What is expected - When you copy the records, keep every word exact and leave the pictures out.

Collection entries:
***
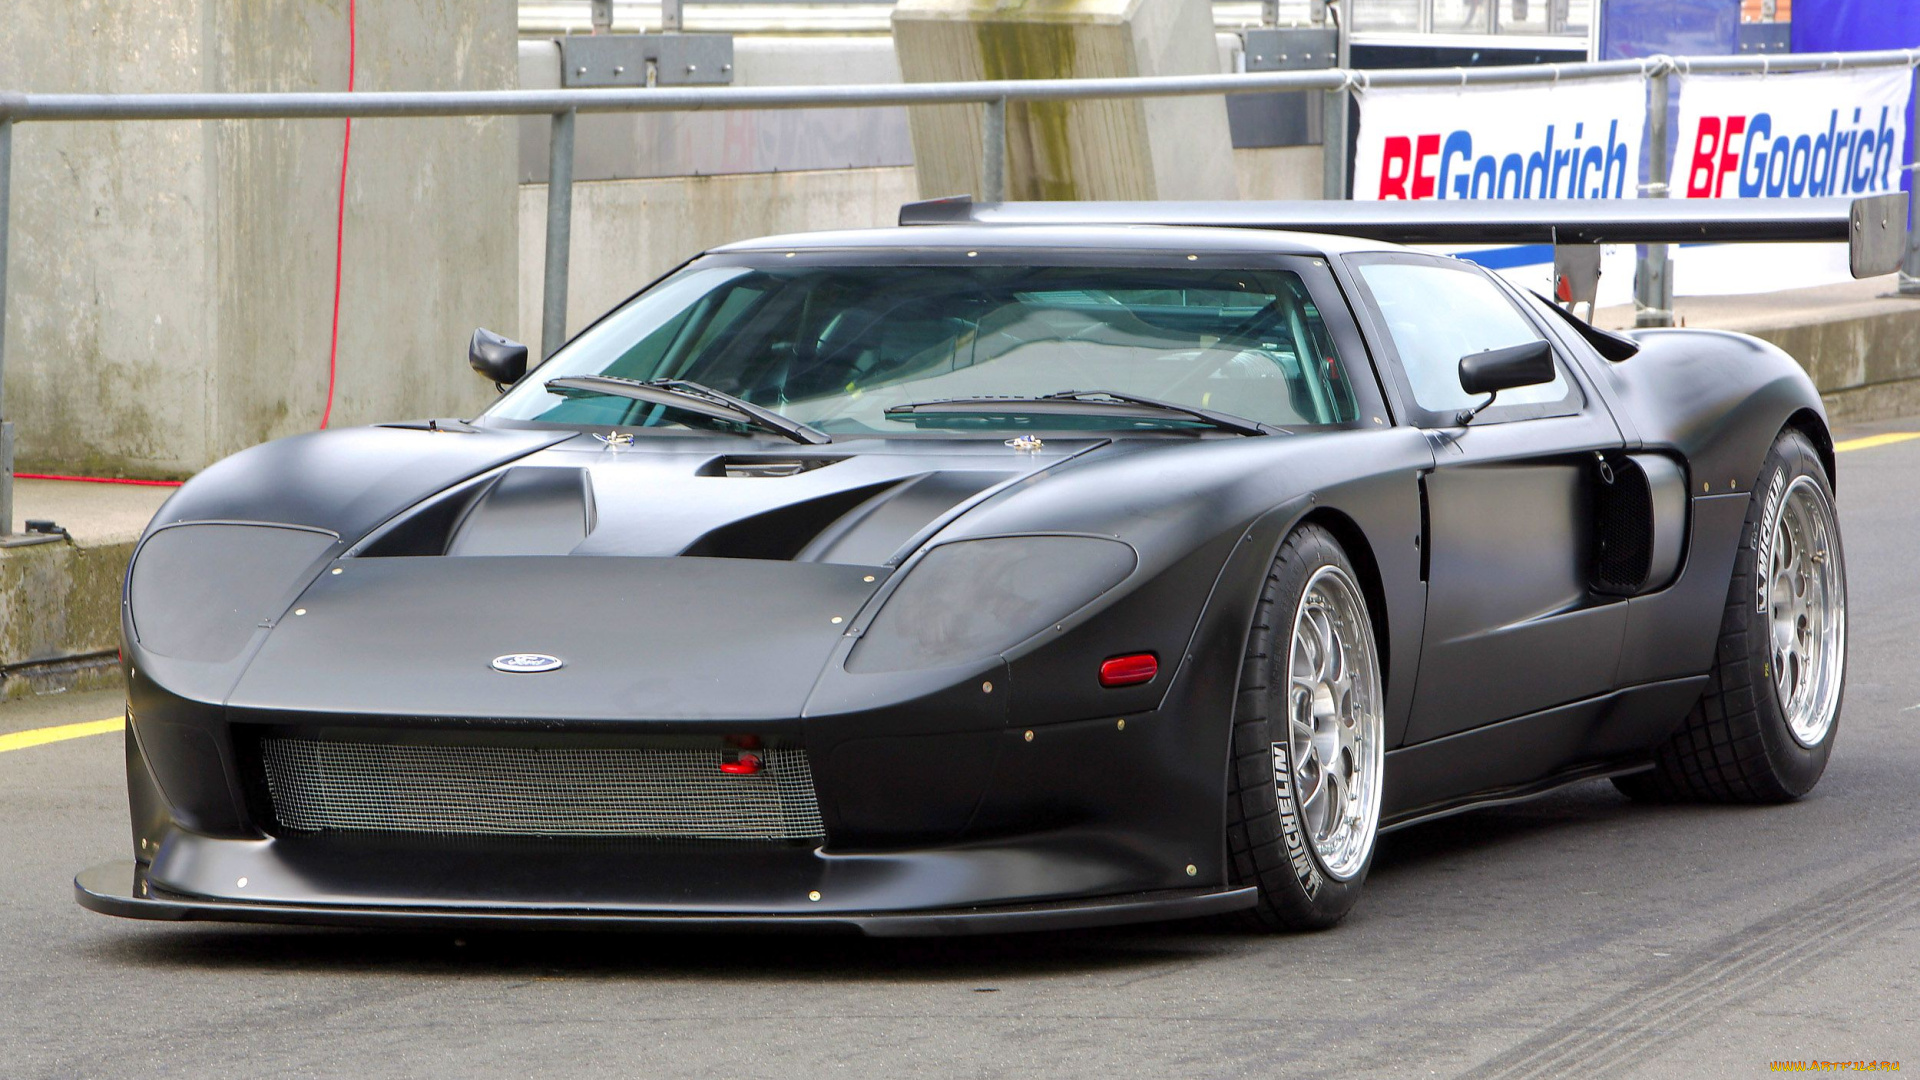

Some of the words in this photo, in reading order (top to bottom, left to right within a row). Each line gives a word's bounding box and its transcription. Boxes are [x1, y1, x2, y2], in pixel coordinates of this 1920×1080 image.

[1378, 119, 1627, 200] BFGoodrich
[1686, 106, 1895, 198] BFGoodrich
[1759, 469, 1784, 581] MICHELIN
[1274, 746, 1311, 879] MICHELIN
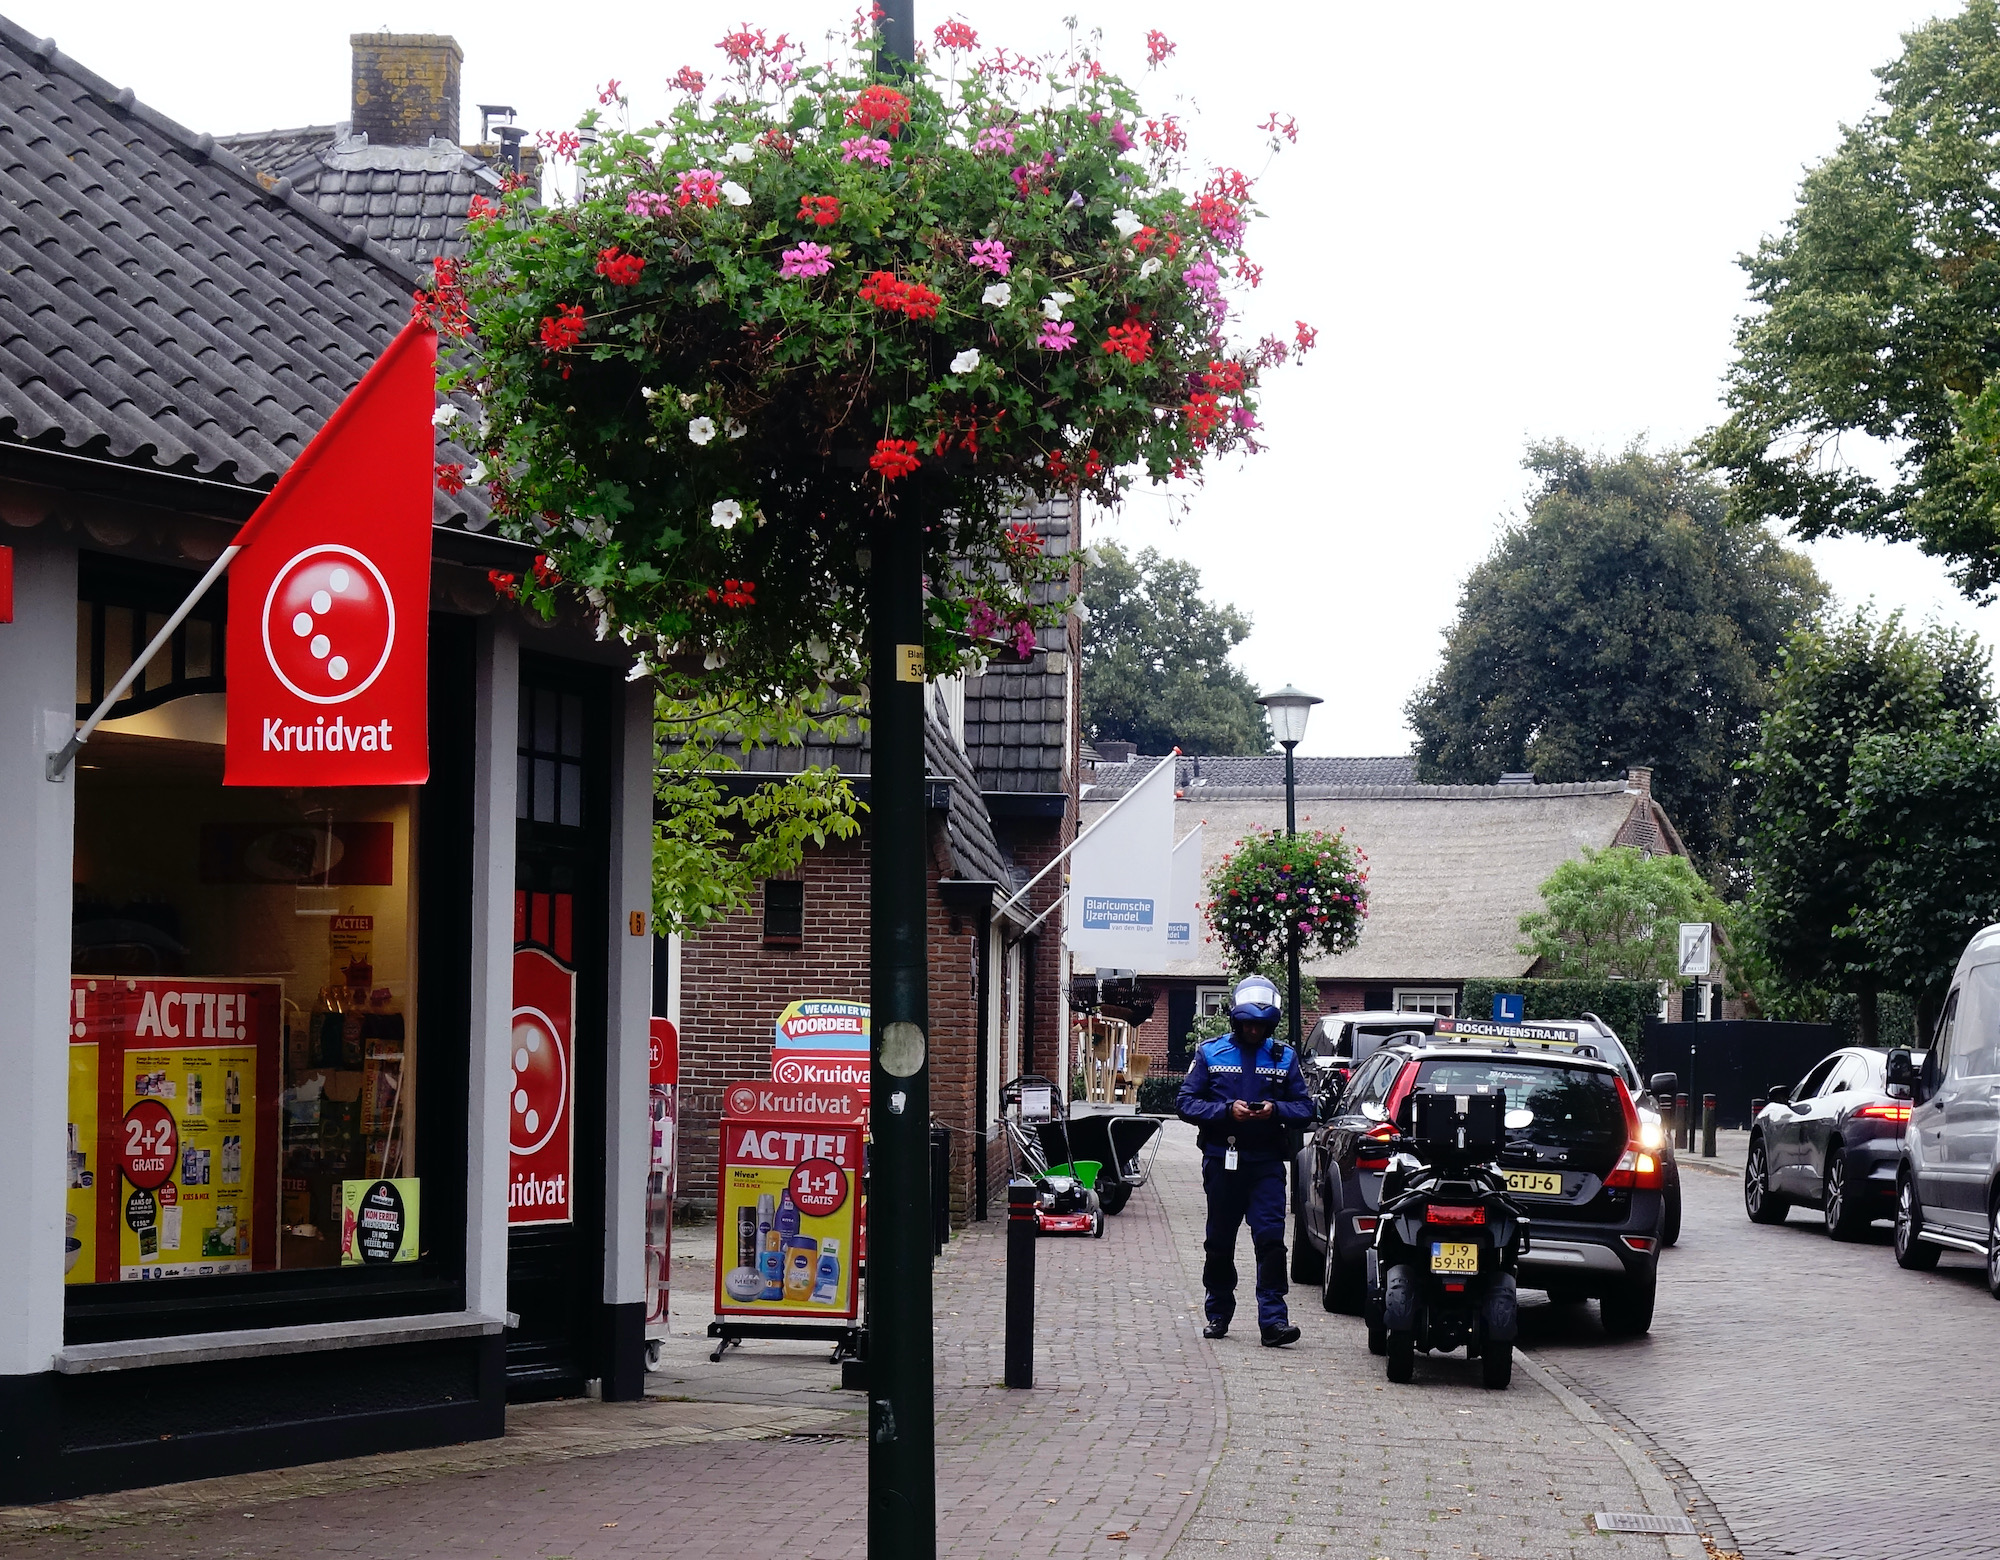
***
Output -
Some of the words in this photo, in reading order (top to bottom, left to right within a row). Each line gives a word's bounding box and its transcription. Boxes are [x1, y1, x2, y2], in pixel coordinates of this 1920×1080 image.

[1378, 119, 1627, 200] BFGoodrich
[1686, 106, 1895, 198] BFGoodrich
[1759, 469, 1784, 581] MICHELIN
[1274, 746, 1311, 879] MICHELIN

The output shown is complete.